Hildebrand grinned, but assured him that he need have no fear.

“I must own, Gareth,” said Hester thoughtfully, after Hildebrand had departed, “that I can’t help hoping you may be wrong about Bow Street. What shall we do, if we have Runners after us?”

“Emigrate!” he replied promptly.

She smiled, but said: “You know, it would be very exciting, but not, I think, quite comfortable, because, although we have done nothing wrong, the Runners might not perfectly understand just how it all came about. Unless, of course, Amanda is able to think of another splendid story.”

“Any story of Amanda’s will infallibly land us all in Newgate. I see nothing for it but emigration.”

“Not all of us, Gareth: only you!” she said, with a gleam of humour. “She will certainly tell them that you abducted her, because nothing will persuade her that an abduction is something quite different. Oh, well, we must just hope that there may be a notice in one of the papers! And I should think that there would be, for the grandfather must wish to get Amanda back as soon as ever he may.”

But when Hildebrand returned, later in the day, from his errand, she was found to have been wrong. Hildebrand came into Sir Gareth’s room, laden with periodicals, which he dumped on the floor, saying breathlessly: “All for you, Uncle Gary! He would have me bring them, because he says he knows you! Lord I thought we were in a fix then, but I don’t fancy any harm will come of it.”

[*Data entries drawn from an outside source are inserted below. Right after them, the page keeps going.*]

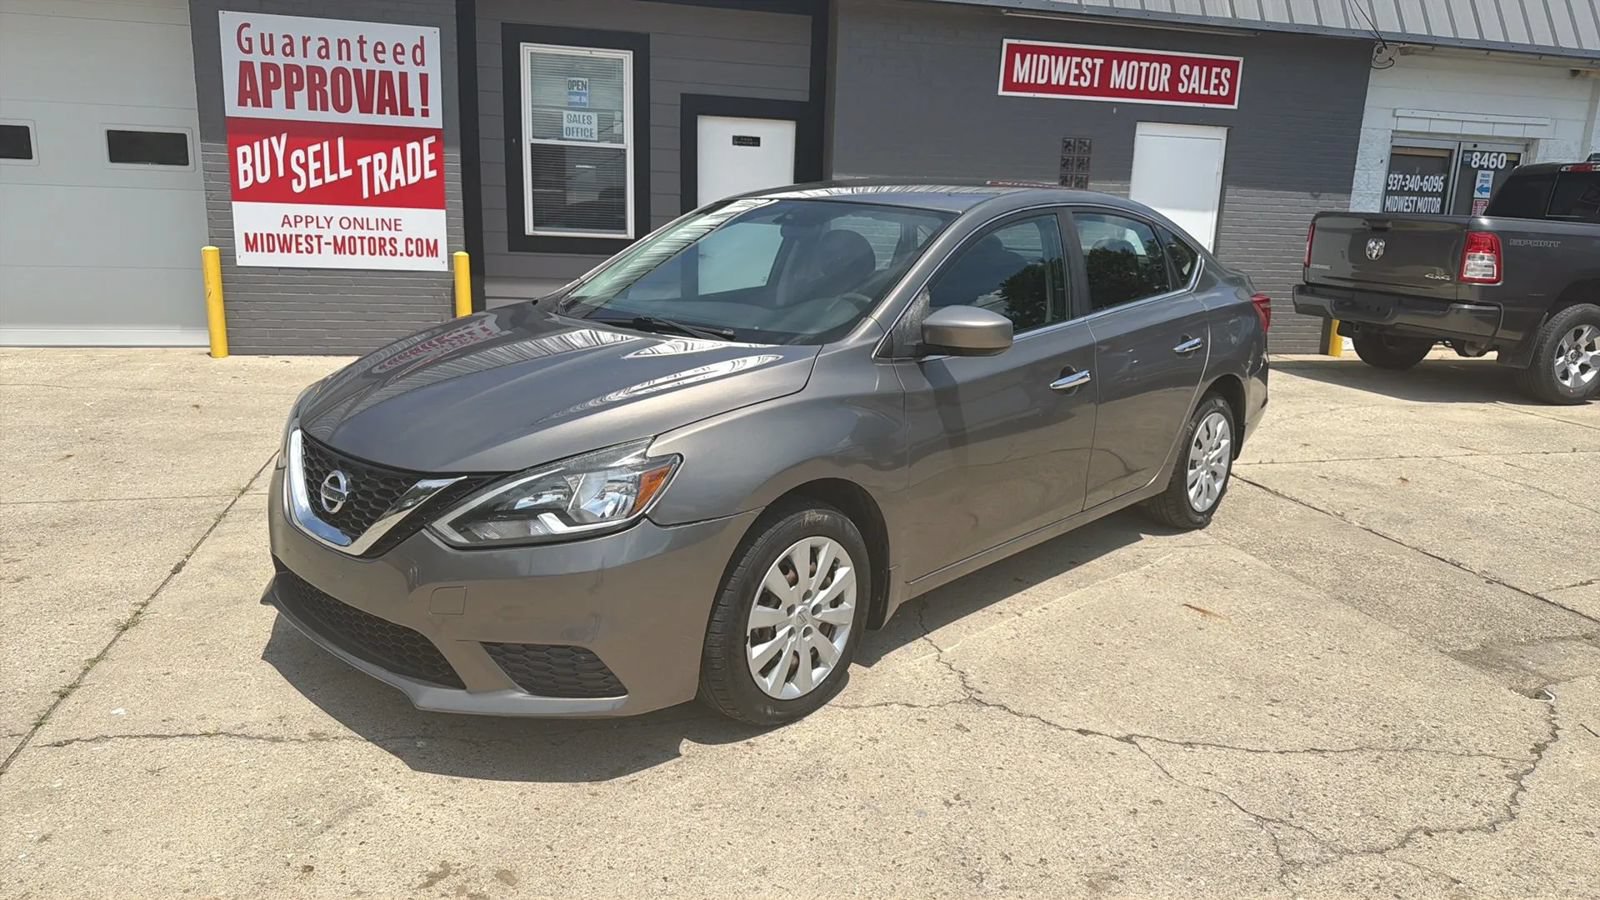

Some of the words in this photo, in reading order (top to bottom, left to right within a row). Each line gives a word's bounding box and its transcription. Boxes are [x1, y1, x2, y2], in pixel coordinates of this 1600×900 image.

[236, 22, 426, 67] Guaranteed
[1012, 53, 1104, 87] MIDWEST
[1110, 59, 1172, 92] MOTOR
[1178, 64, 1231, 97] SALES
[237, 61, 430, 118] APPROVAL!
[568, 80, 587, 91] OPEN
[567, 113, 592, 125] SALES
[565, 127, 594, 138] OFFICE
[236, 132, 288, 190] BUY
[290, 136, 353, 194] SELL
[357, 135, 437, 200] TRADE
[1470, 151, 1507, 169] 8460
[1387, 174, 1444, 193] 937-340-6096
[1384, 195, 1416, 213] MIDWEST
[1416, 197, 1441, 214] MOTOR
[281, 214, 334, 229] APPLY
[339, 216, 403, 232] ONLINE
[244, 232, 439, 258] MIDWEST-MOTORS.COM
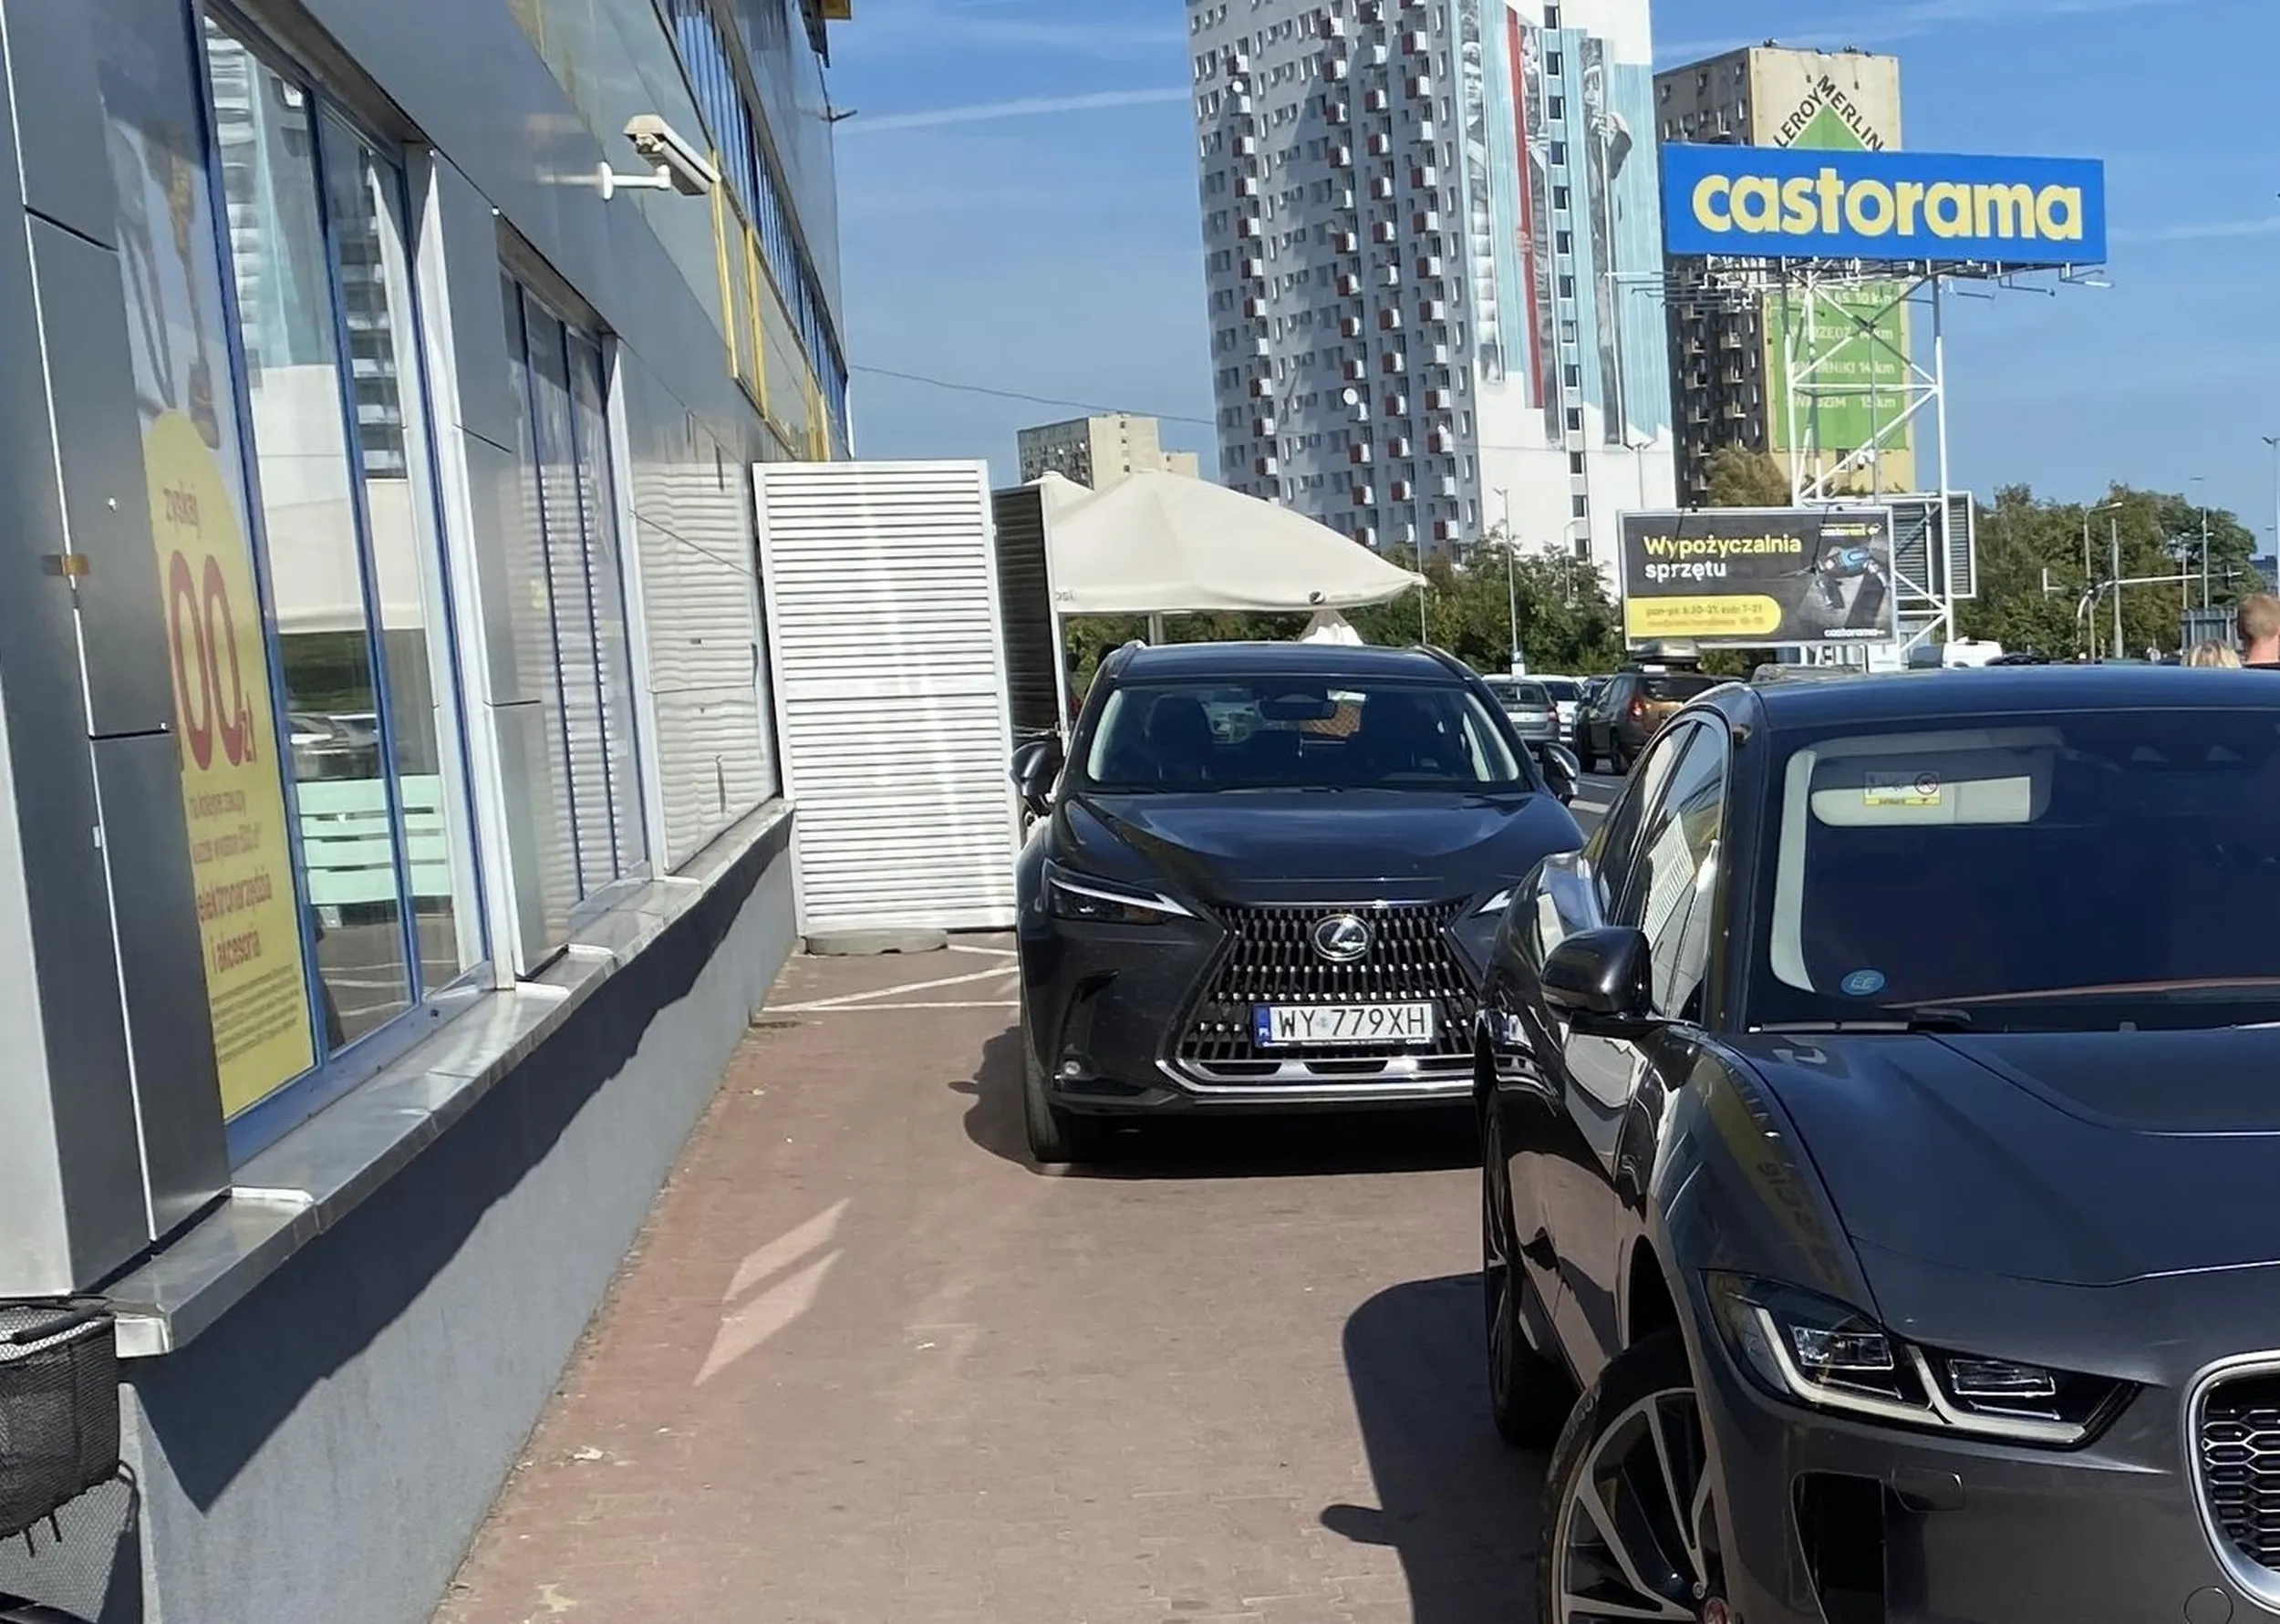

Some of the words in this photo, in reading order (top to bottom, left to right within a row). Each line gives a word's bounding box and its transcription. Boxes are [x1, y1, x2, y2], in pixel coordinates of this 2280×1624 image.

“Oh, my God!” exclaimed Sir Gareth. “I suppose you had to tell him my name? Who is he?”

“Well, I never thought it would signify. And, in any event, everyone knows who you are, because the post-boy told Chicklade what your name was, when you were carried in, that day.”

Amanda, who was seated on the floor, scanning, and discarding, copy after copy of the Morning Post,looked up to say: “I told you you would only make a muff of it! If I had gone myself, I should have made up a very good name for Uncle Gary, only you have no ingenuity, and can think of nothing!”

“Yes!” retorted Hildebrand. “You would have said he was Lancelot du Lake, or something so silly that no one would have believed it!”

“Don’t imagine you are going to quarrel over me!” interposed Sir Gareth. “What I want to know is not what name of unequalled splendour Amanda would have bestowed on me, but what is the name of this recluse, who says he knows me?”

Amanda, uninterested, retired again into the advertisement columns of the Morning Post. Hildebrand said: “Vinehall, sir: Barnabas Vinehall.”

“Well, I should never have made up as silly a name as that!” interpolated Amanda scornfully.

“Good God!” ejaculated Sir Gareth. “I thought he was dead! You don’t mean to say he lives here?

“Yes, but there’s no need for any of us to be in a quake, because he never goes out now: he told me so!” said Hildebrand reassuringly. “He is the fattest man I ever laid eyes on!”

“I fail to see—”

“No, but only listen, Uncle Gary! It’s dropsy!”

“Poor man!” said Hester sympathetically. “Who is he, Gareth?”